The creation of virtual environments relies on individuals manually modeling, sculpting and/or procedurally scripting 3D digital assets. Even for those with professional training in these fields, this process is time consuming, inflexible and expensive. For this reason, traditional use cases such as gaming have exceptionally high barriers to entry, take years to build, cost hundreds of thousands of dollars to create and require technical skill sets beyond creativity.

This problem is getting worse. Computing power is growing at an exponential rate and so is the expectation of digital consumers regarding the size, density and visual fidelity of virtual worlds. The demand extends far beyond gaming, into entertainment more broadly (film and VFX), as well as consumer and retail applications. Recent consumer hardware advances means this demand will exponentially multiply as AR, VR and XR manifestations become mainstream and are demanded for existing (and new) applications within months and years.

The barriers to entry must come down so that we can democratize 3D content creation.

This is not only the viable solution to meeting the exponentially growing demand for such services, it is also the way to ensure competition and create innovation in these markets. By allowing non-professional creators to build 3D assets and virtual worlds based on text-prompts, it forces creativity as the differentiating factor rather than technical ability or financial / incumbent positions.

Ultimately, AI allows the creation experience to be made more democratic, efficient and even automated, but the creator should always be able to intervene and express directorial control over any decision.

This shifting economic and societal landscape comes at a time when 3D AI is poised to explode due to technology advances of the last 12 months. For precedent, we can look towards the last three years of unbelievable improvements in State of the Art (SOTA) 2D AI models thanks to the introduction of Transformer networks and the subsequent creation of foundational models. 3D AI technology has gone through similar research innovations and is now at the stage in which foundational models can be built.

3D AI technology and miner considerations

A variety of technologies have been developed to tackle the issue of 3D content creation. These techniques allow users to input a text prompt(s), image(s), or a combination of both. This means that users who have no experience with 3D modeling or other traditional forms of 3D content creation can become creators. These models are typically trained to extract multiple synthetic views of the desired object or scene and then attempt to reconstruct a mesh, radiance field or splatt representation from the multiple synthetic views.
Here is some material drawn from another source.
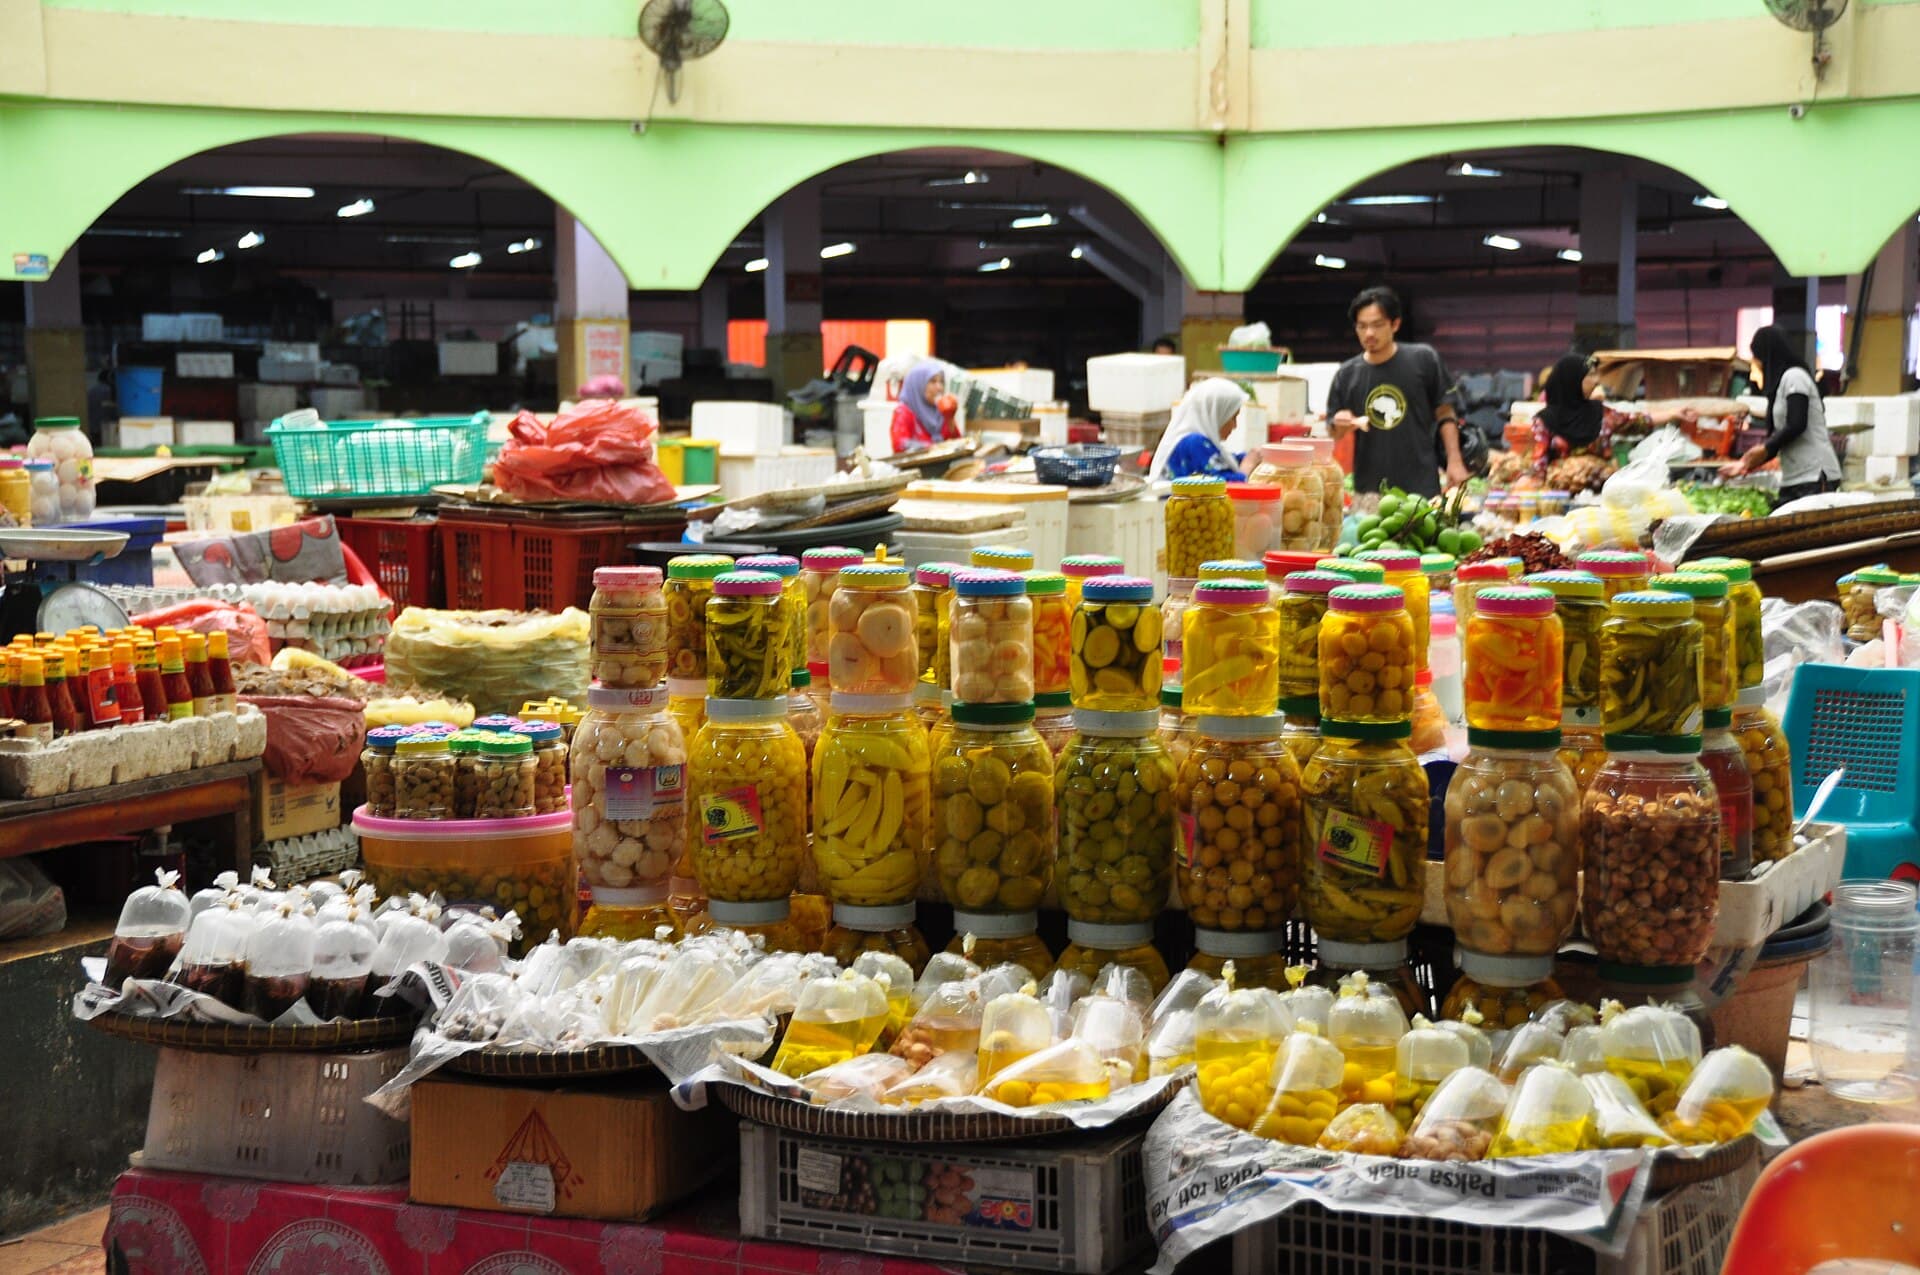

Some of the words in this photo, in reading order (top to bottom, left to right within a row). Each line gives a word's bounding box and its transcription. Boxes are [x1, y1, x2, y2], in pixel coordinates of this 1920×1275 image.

The 3D space is still so nascent that a ‘market winning’ technology has yet to be determined, with approaches such as 3D Diffusion, Neural Radiance Fields (NeRFs), and Gaussian Splattering (Splatts) all competing with different underlying neural network architectures. Research into all three of these approaches is rapidly developing and benchmarking solutions changes nearly every week.

In a landscape such as this - with competing, rapidly developing and open source models - Bittensor offers an ideal decentralized incentive-based platform for empowering innovation.

It is important to note that the current SOTA 3D AI networks are not yet at a level that rivals professional 3D content creation, but the speed at which these networks are developing suggest a trajectory in which they will do so in 2024. Further, despite aesthetic limitations (compared to professional 3D Artists), the insatiable demand for 3D content means there are already viable applications today which include 1) background / non-hero assets, 2) environments for virtual worlds, 3) abstract and/or highly stylised assets.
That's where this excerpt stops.